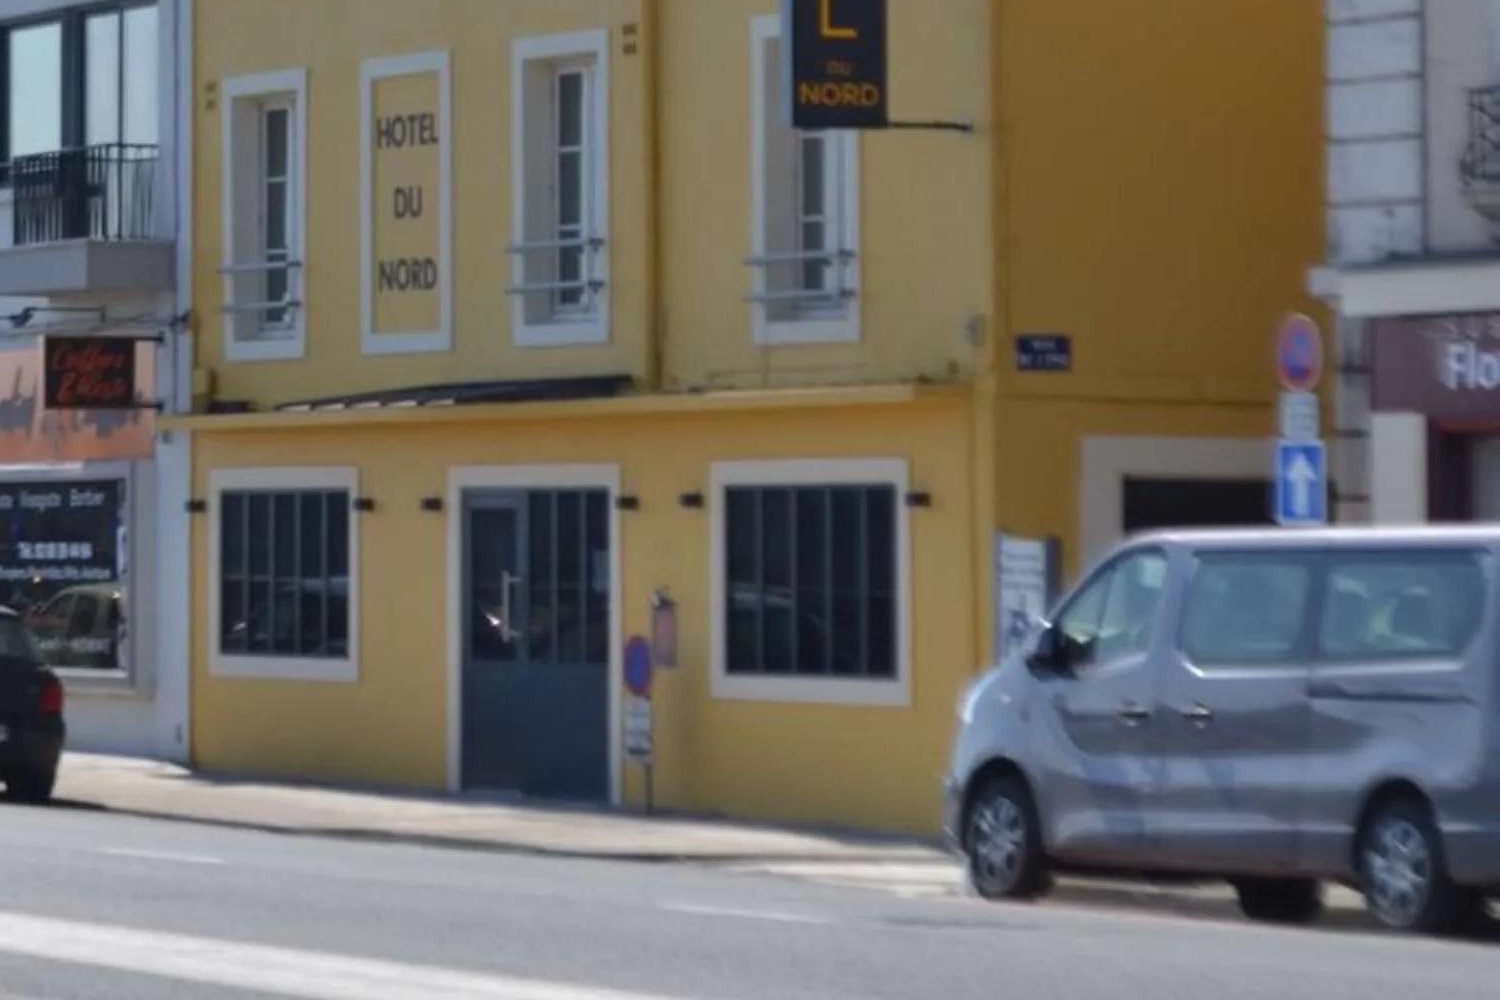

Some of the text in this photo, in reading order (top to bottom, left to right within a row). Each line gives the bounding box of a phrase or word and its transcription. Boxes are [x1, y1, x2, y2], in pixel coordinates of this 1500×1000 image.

[800, 81, 879, 106] NORD
[376, 113, 439, 148] HOTEL
[394, 186, 423, 219] DU
[378, 257, 438, 294] NORD

Exercise objective: Reproduce every record verbatim, please. Omit the images.

Response area:
Some of the text in this photo, in reading order (top to bottom, left to right within a row). Each line gives the bounding box of a phrase or word and its transcription. Boxes are [x1, y1, x2, y2], in pixel coordinates of this 1500×1000 image.

[800, 81, 879, 106] NORD
[376, 113, 439, 148] HOTEL
[394, 186, 423, 219] DU
[378, 257, 438, 294] NORD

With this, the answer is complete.